(ACTION ITEM): Print the records below exactly, with no pictures.

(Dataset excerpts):
>>
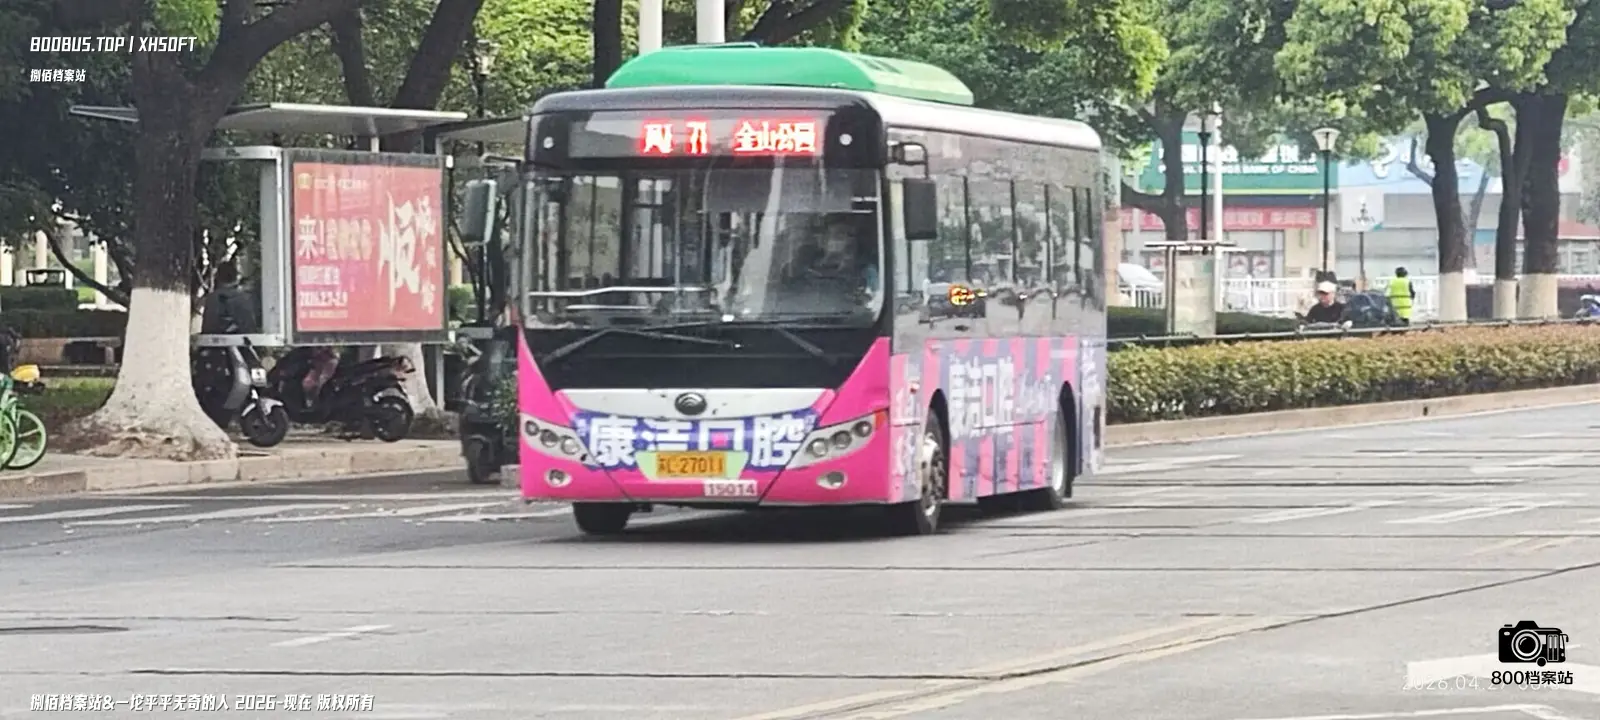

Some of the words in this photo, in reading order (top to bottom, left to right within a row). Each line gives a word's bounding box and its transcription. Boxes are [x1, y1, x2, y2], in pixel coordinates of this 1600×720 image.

[734, 120, 816, 152] 金山公园
[590, 415, 805, 467] 康洁口腔
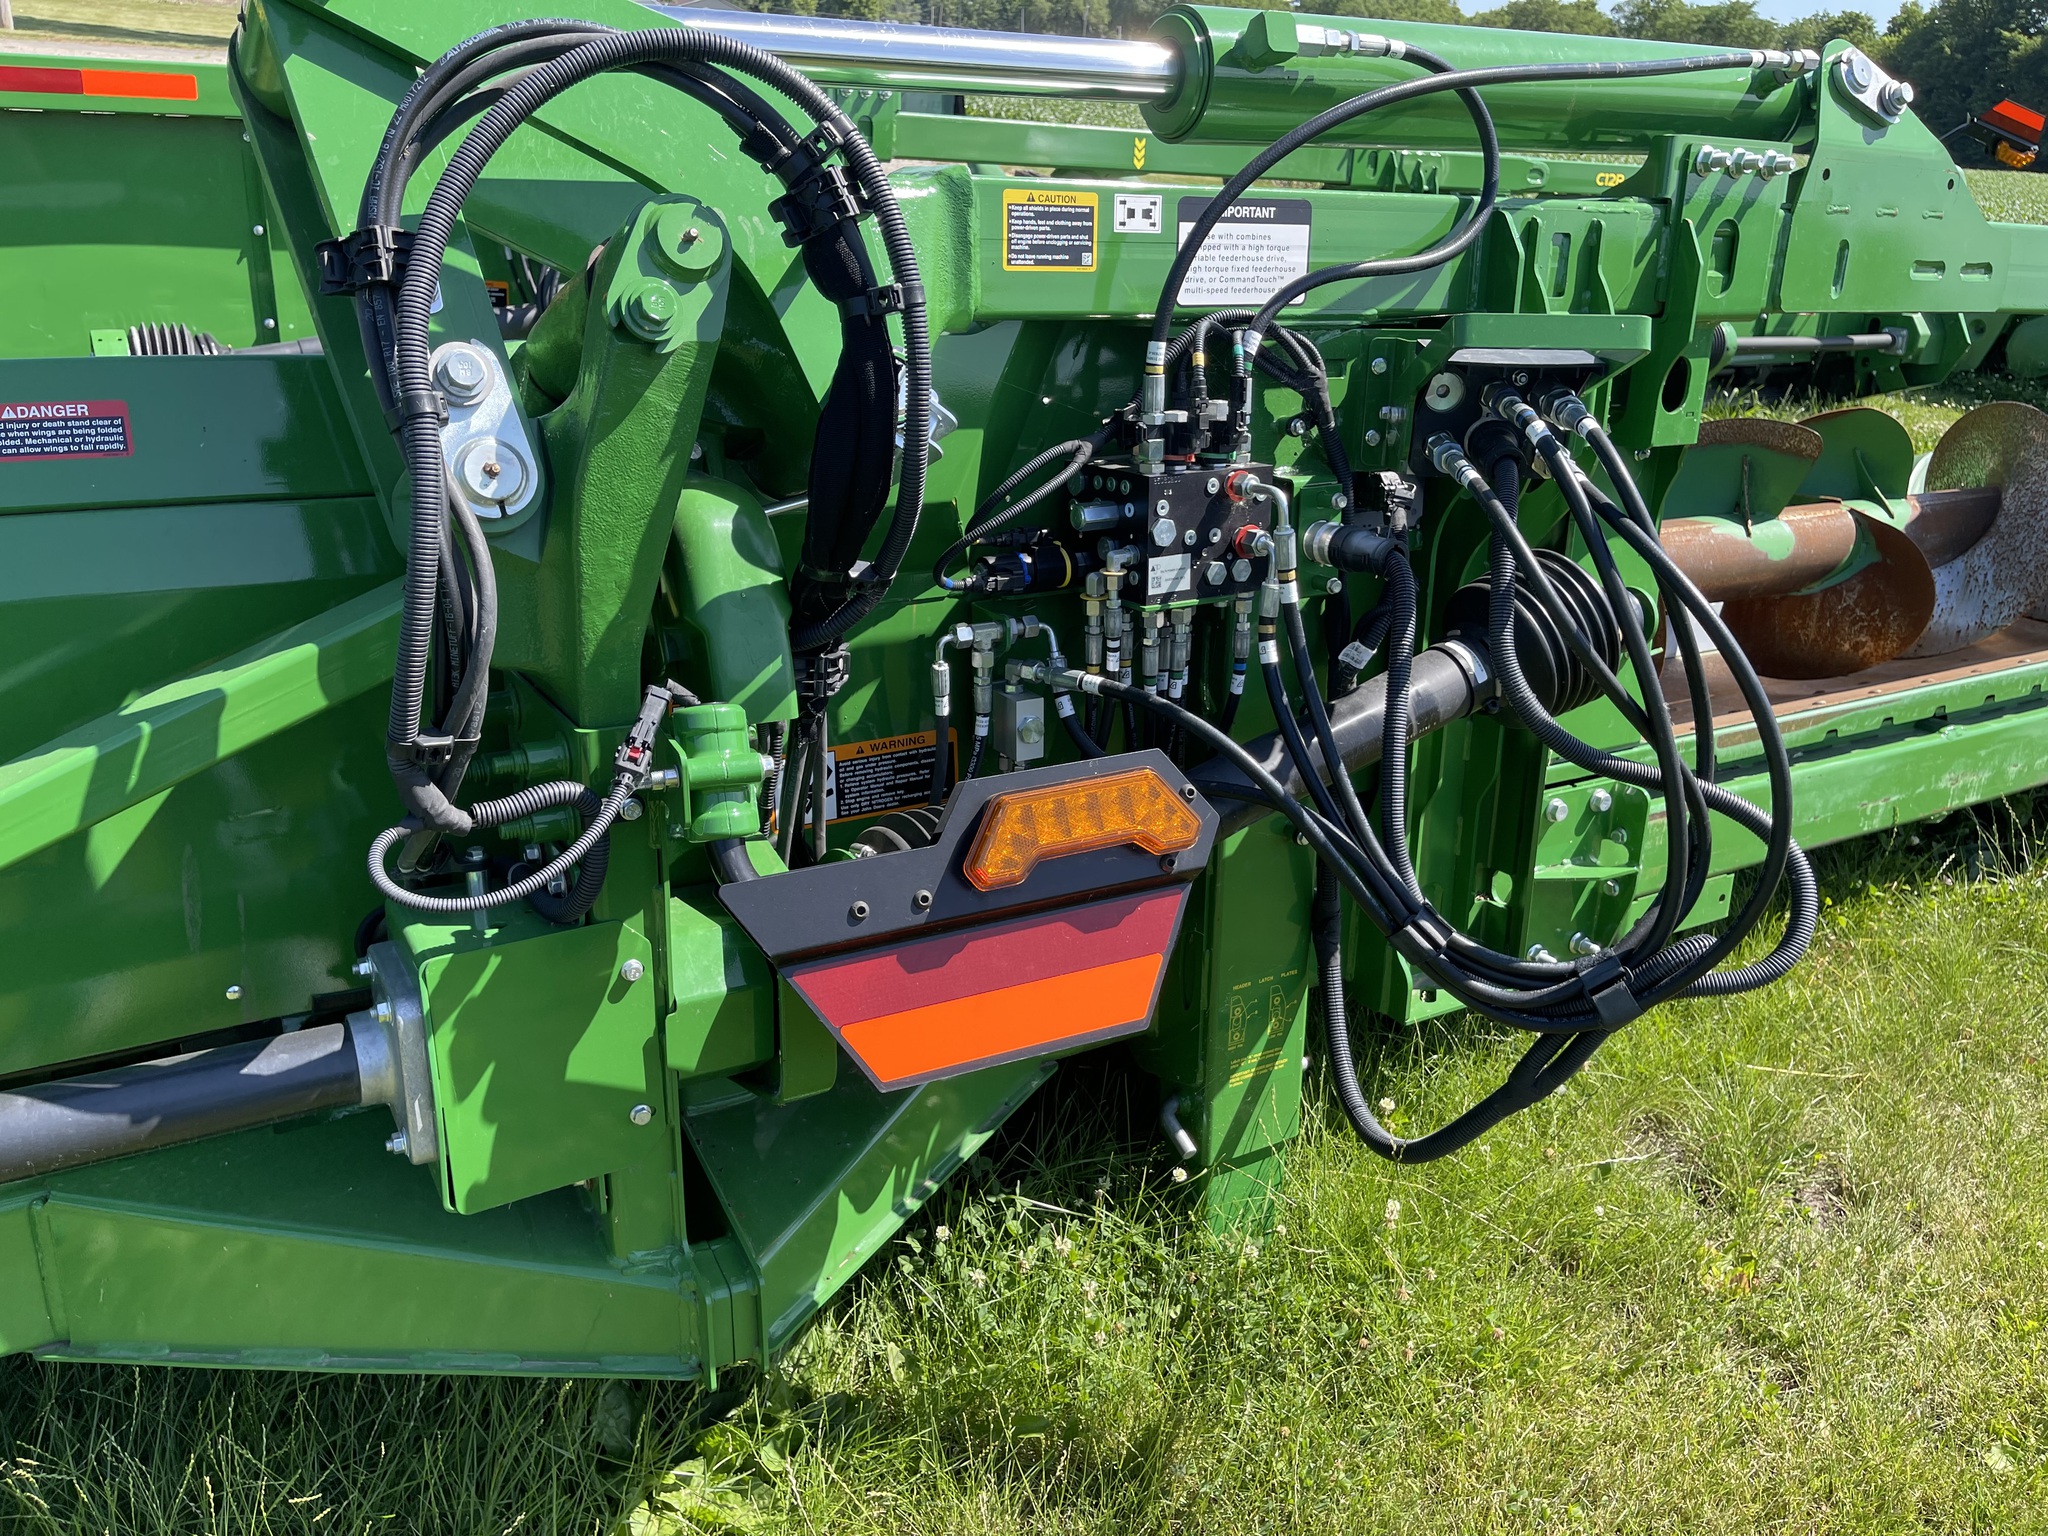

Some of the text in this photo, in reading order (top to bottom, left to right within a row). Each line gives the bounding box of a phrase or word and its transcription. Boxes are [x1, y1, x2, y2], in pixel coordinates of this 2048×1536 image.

[446, 27, 503, 61] ALFAGOMMA
[1038, 194, 1077, 204] CAUTION
[1221, 206, 1276, 218] PORTANT
[1236, 233, 1271, 241] combines
[1199, 244, 1221, 253] ipped
[1224, 243, 1239, 251] with
[1248, 243, 1265, 253] high
[1266, 245, 1290, 253] torque
[1194, 254, 1287, 263] riable feederhouse drive,
[1204, 265, 1229, 274] torque
[1231, 265, 1249, 273] fixed
[1251, 264, 1296, 273] feederhouse
[1184, 275, 1207, 284] drive,
[1184, 285, 1228, 295] multi-speed
[1230, 285, 1275, 294] feederhouse
[377, 314, 387, 326] EN
[382, 341, 393, 357] R17
[16, 404, 89, 418] DANGER
[6, 422, 29, 430] injury
[42, 420, 65, 428] death
[67, 419, 89, 427] stand
[32, 429, 56, 437] wings
[72, 427, 96, 436] being
[97, 426, 123, 434] folded
[25, 436, 72, 445] Mechanical
[85, 435, 124, 444] hydraulic
[19, 445, 41, 453] allow
[43, 445, 68, 453] wings
[95, 442, 126, 451] rapidly.
[870, 736, 926, 752] WARNING
[878, 759, 897, 767] pressure.
[854, 768, 874, 776] removing
[875, 765, 893, 773] hydraulic
[845, 775, 865, 783] changing
[877, 775, 895, 783] hydraulic
[861, 787, 886, 796] information.
[871, 797, 893, 805] NITROGEN
[902, 791, 922, 799] recharging
[1233, 969, 1298, 992] HEADER LATCH PLATES
<<
(YOUR SOLUTION):
Some of the words in this photo, in reading order (top to bottom, left to right within a row). Each line gives a word's bounding box and its transcription. Boxes are [x1, y1, x2, y2], in pixel coordinates of this 1600×720 image.

[734, 120, 816, 152] 金山公园
[590, 415, 805, 467] 康洁口腔

Some of the text in this photo, in reading order (top to bottom, left to right within a row). Each line gives the bounding box of a phrase or word and its transcription. Boxes are [x1, y1, x2, y2], in pixel coordinates of this 2048×1536 image.

[446, 27, 503, 61] ALFAGOMMA
[1038, 194, 1077, 204] CAUTION
[1221, 206, 1276, 218] PORTANT
[1236, 233, 1271, 241] combines
[1199, 244, 1221, 253] ipped
[1224, 243, 1239, 251] with
[1248, 243, 1265, 253] high
[1266, 245, 1290, 253] torque
[1194, 254, 1287, 263] riable feederhouse drive,
[1204, 265, 1229, 274] torque
[1231, 265, 1249, 273] fixed
[1251, 264, 1296, 273] feederhouse
[1184, 275, 1207, 284] drive,
[1184, 285, 1228, 295] multi-speed
[1230, 285, 1275, 294] feederhouse
[377, 314, 387, 326] EN
[382, 341, 393, 357] R17
[16, 404, 89, 418] DANGER
[6, 422, 29, 430] injury
[42, 420, 65, 428] death
[67, 419, 89, 427] stand
[32, 429, 56, 437] wings
[72, 427, 96, 436] being
[97, 426, 123, 434] folded
[25, 436, 72, 445] Mechanical
[85, 435, 124, 444] hydraulic
[19, 445, 41, 453] allow
[43, 445, 68, 453] wings
[95, 442, 126, 451] rapidly.
[870, 736, 926, 752] WARNING
[878, 759, 897, 767] pressure.
[854, 768, 874, 776] removing
[875, 765, 893, 773] hydraulic
[845, 775, 865, 783] changing
[877, 775, 895, 783] hydraulic
[861, 787, 886, 796] information.
[871, 797, 893, 805] NITROGEN
[902, 791, 922, 799] recharging
[1233, 969, 1298, 992] HEADER LATCH PLATES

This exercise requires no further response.